The general rule is that an accused in a criminal contempt proceeding is presumed innocent until found guilty beyond a reasonable doubt by evidence introduced and a defendant in a criminal contempt proceeding cannot be compelled to testify against himself. Since wilful disobedience of a court’s order is punishable by traditional criminal proceedings and is sometimes referred to as quasi-criminal, the essential rights of the accused must be preserved and safeguarded. State v. New Mexican Printing Co., 25 N.M. 102, 177 P. 751; Columbia Law Review, Vol. 43, pp. 780, et seq. Moskovitz “Contempt of Injunctions, Civil and Criminal.” Gompers v. Buck Stove & Range Co., supra; 54 A.L.R. 1436.

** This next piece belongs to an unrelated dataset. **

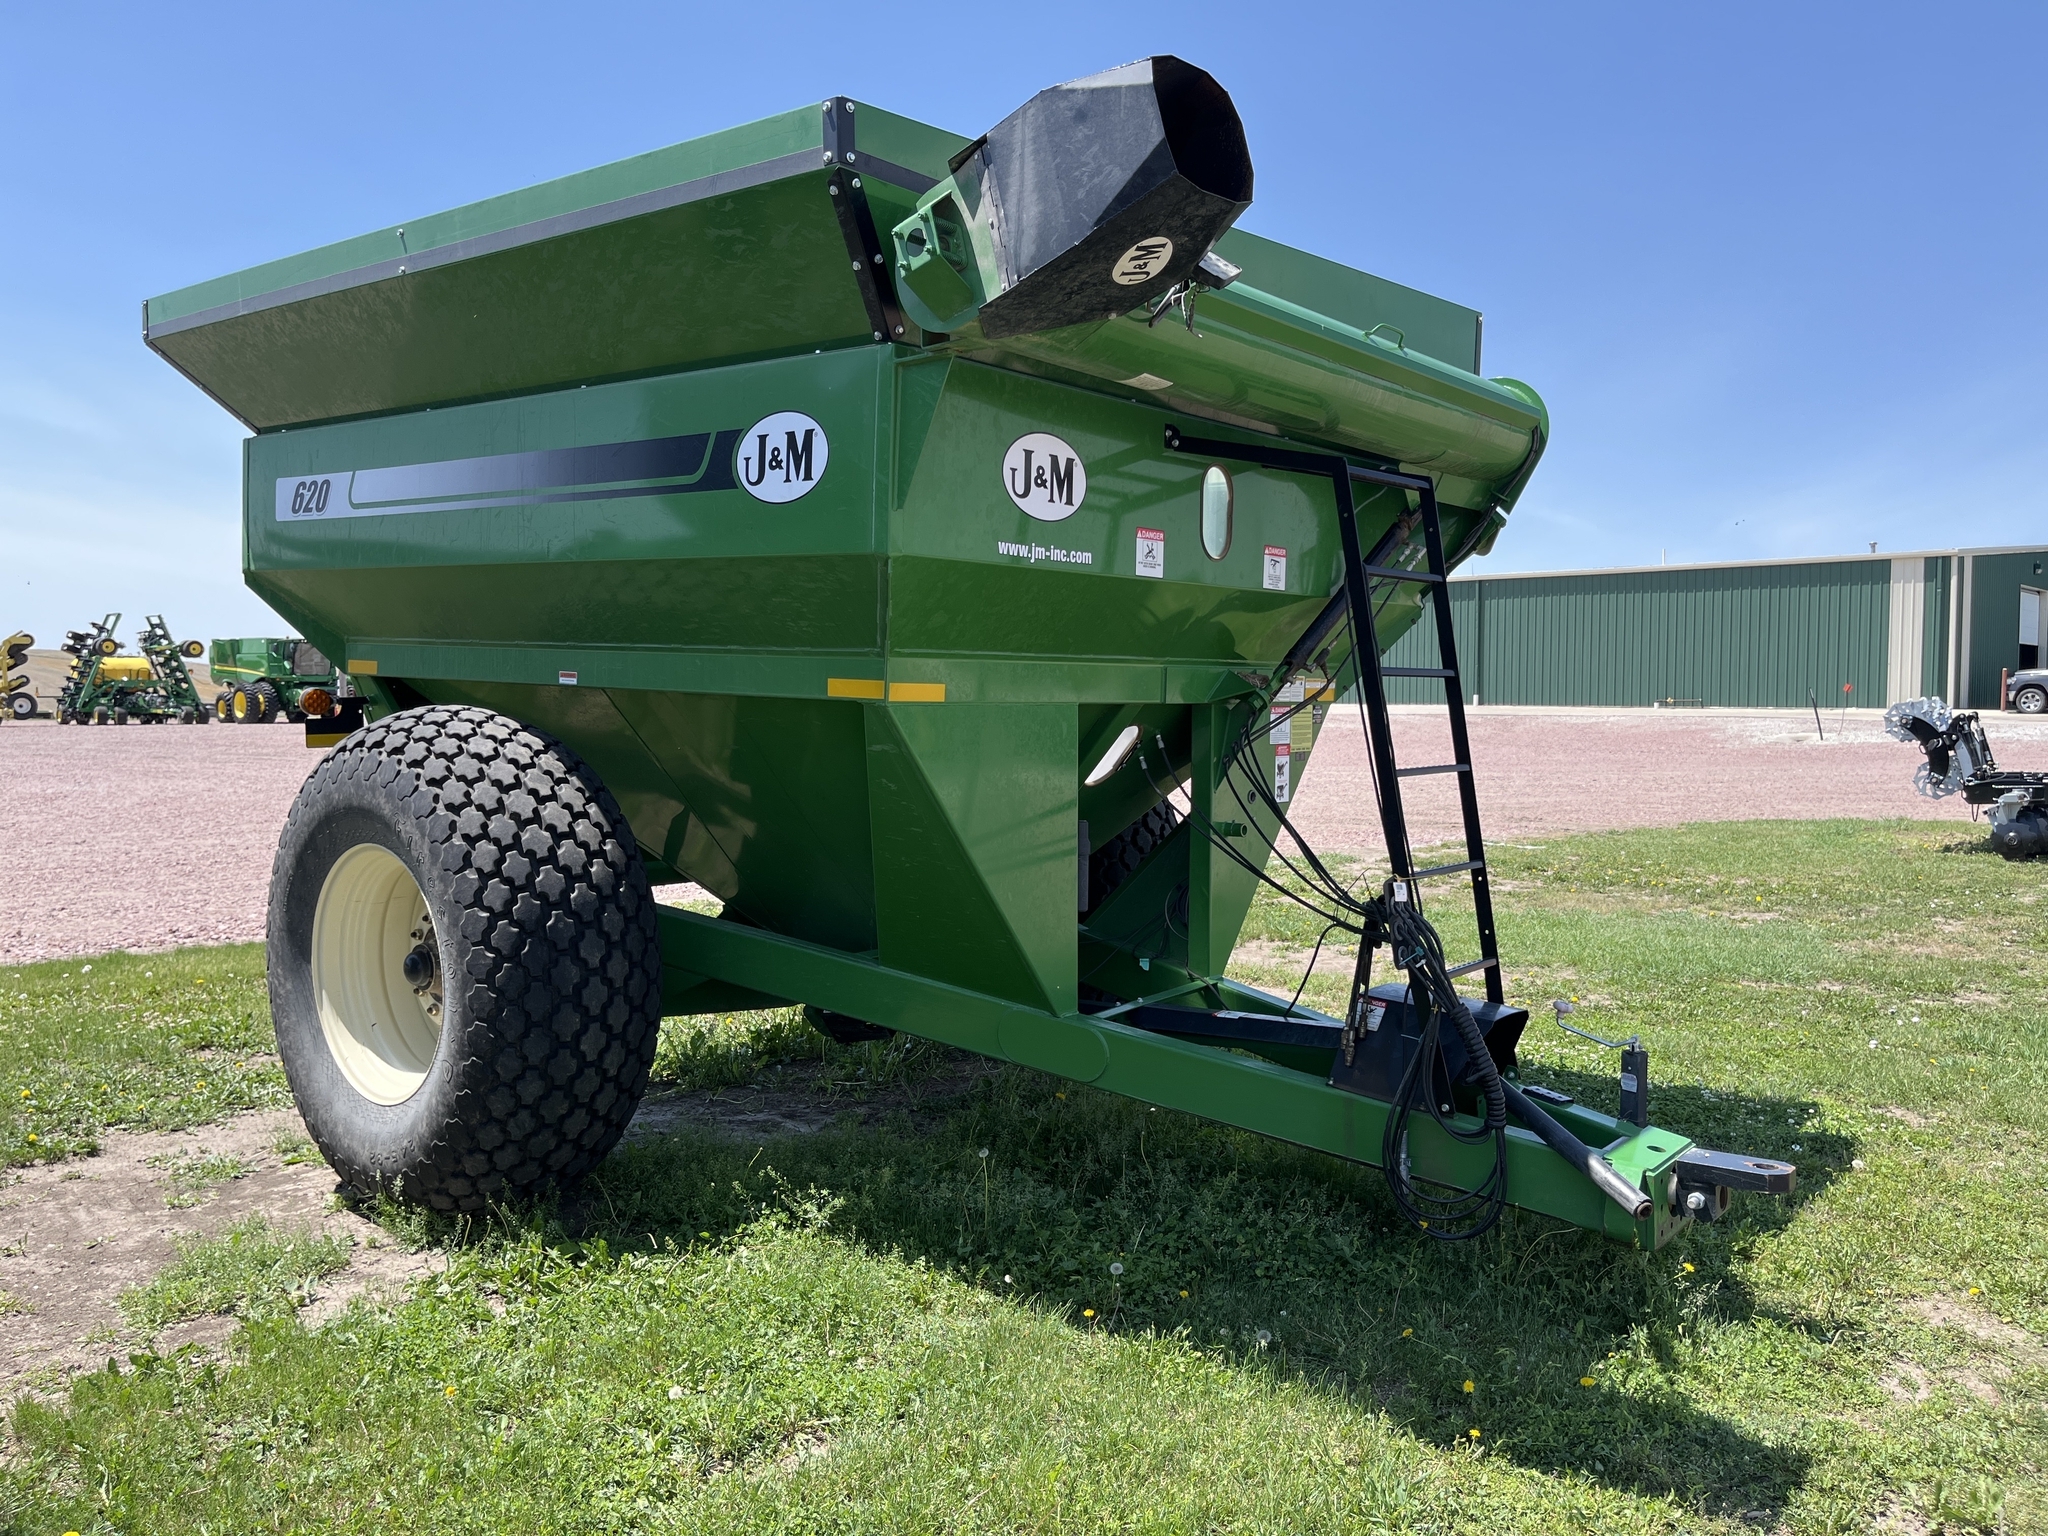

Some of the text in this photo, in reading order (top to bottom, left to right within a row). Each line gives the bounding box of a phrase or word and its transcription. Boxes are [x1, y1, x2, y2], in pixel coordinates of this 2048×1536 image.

The United States Supreme Court in Gompers v. Buck Stove & Range Co., supra, stated:

“The petition in the contempt proceeding, the answer, orders, final decree, amended decree, and stipulations, were all entitled in the original cause, ‘Buck Stove & Range Company v. The American Federation of Labor, Samuel Gompers, John Mitchell, Frank Morrison, et al.’ * * *
“The defendants, Samuel Gompers, John Mitchell, and Frank Morrison, were found guilty of contempt of court in making certain publications prohibited by an injunction from the supreme court of the District of Columbia. They were sentenced to imprisonment for twelve, nine, and six months’ respectively, and this proceeding is prosecuted to reverse that judgment. * * * But if it is for criminal contempt the sentence is punitive to vindicate the authority of the court. * * * Imprisonment in such cases (civil contempt) is not inflicted as a punishment, but is intended to be remedial by coercing the *200defendant to do what he had refused to do. The decree in such cases is that the defendant stand committed unless and until he performs the affirmative act required by the court’s order. * * *
“But when the court found that the defendants had done what the injunction prohibited, and thereupon sentenced them to jail for fixed terms of six, nine, and twelve months, no relief whatever was granted to the complainant, and the Buck’s Stove & Range Company took nothing by that decree.
* * =1=
“We find nothing in the record indicating that this was a proceeding with the court, or more properly the government, on one side and the defendants on the other. On the contrary, the contempt proceedings were instituted, entitled, tried, and, up to the moment of sentence, treated as a part of the original cause in equity. The Buck’s Stove & Range Company was not only the nominal, but the actual, party on the one side, with the defendants on the other. The Buck’s Stove Company acted throughout as complainant in charge of the litigation. As such and through its counsel, acting in its name, it made consents, waivers, and stipulations only proper on the theory that it was proceeding in its own right in an equity cause, and not as a representative of the United States, prosecuting a case of criminal contempt. * * * (Italics ours.)
“* * * The result was as fundamentally erroneous as if in an action of 'A vs. B, for assault and battery,’ the judgment entered had been that the defendant be confined in prison for twelve months.”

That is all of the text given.